> [Source data]

========

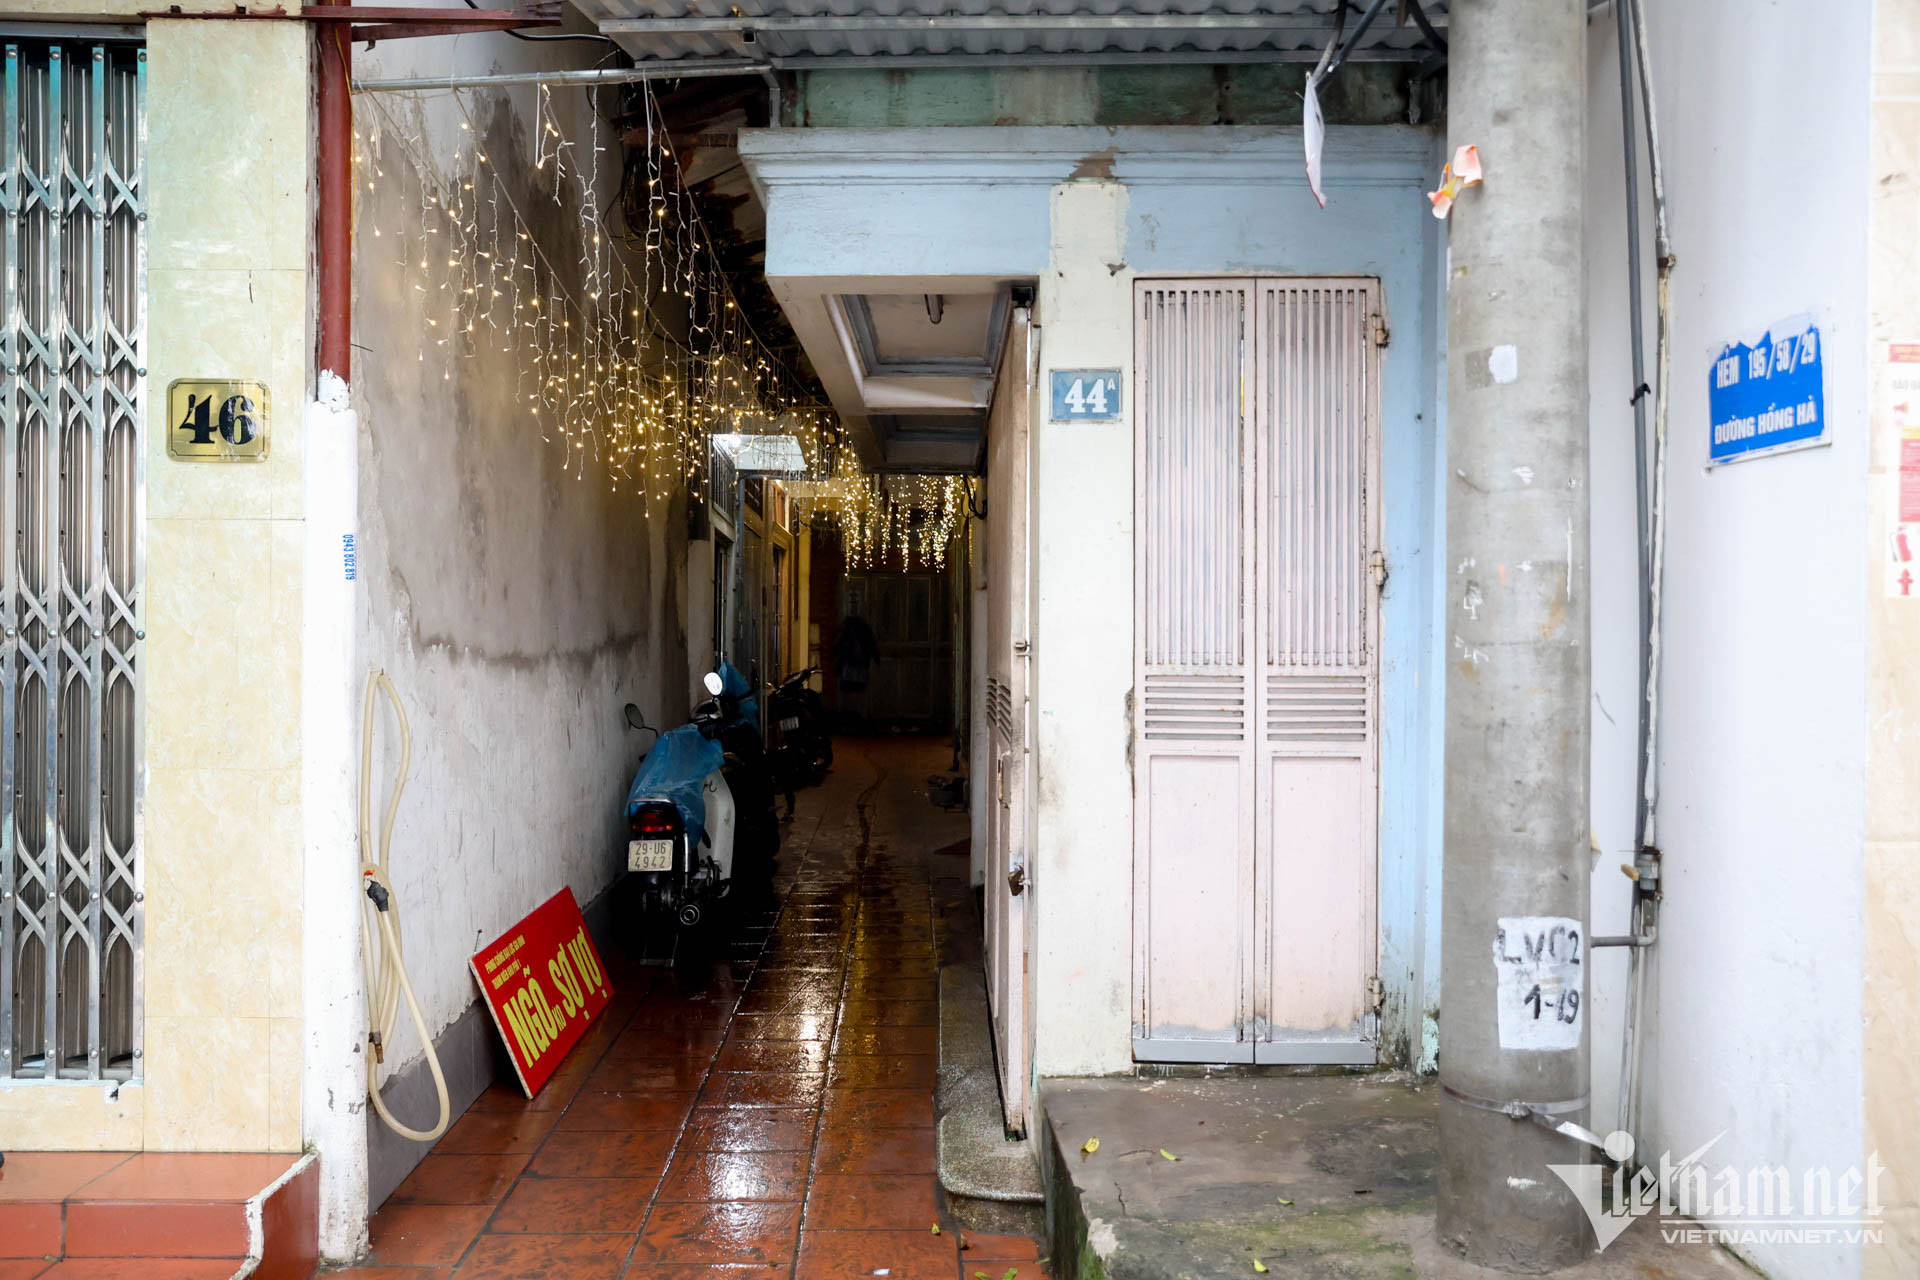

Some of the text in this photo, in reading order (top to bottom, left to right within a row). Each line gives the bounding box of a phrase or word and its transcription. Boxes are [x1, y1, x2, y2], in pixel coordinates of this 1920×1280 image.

[1748, 331, 1817, 380] 195/58/29
[179, 394, 257, 445] 46
[1714, 395, 1817, 445] ĐƯỜNG HỒNG HÀ
[634, 856, 667, 869] 4942
[635, 842, 667, 856] 29-U6
[547, 942, 591, 1021] SỢ
[567, 926, 608, 999] VỢ
[502, 964, 559, 1069] NGÕ
[551, 1004, 567, 1032] KO

========

The answer is the whole listing retyped exactly, with pictures omitted.

Some of the text in this photo, in reading order (top to bottom, left to right within a row). Each line gives the bounding box of a phrase or word and its transcription. Boxes are [x1, y1, x2, y2], in pixel coordinates of this 1920×1280 image.

[1748, 331, 1817, 380] 195/58/29
[179, 394, 257, 445] 46
[1714, 395, 1817, 445] ĐƯỜNG HỒNG HÀ
[634, 856, 667, 869] 4942
[635, 842, 667, 856] 29-U6
[547, 942, 591, 1021] SỢ
[567, 926, 608, 999] VỢ
[502, 964, 559, 1069] NGÕ
[551, 1004, 567, 1032] KO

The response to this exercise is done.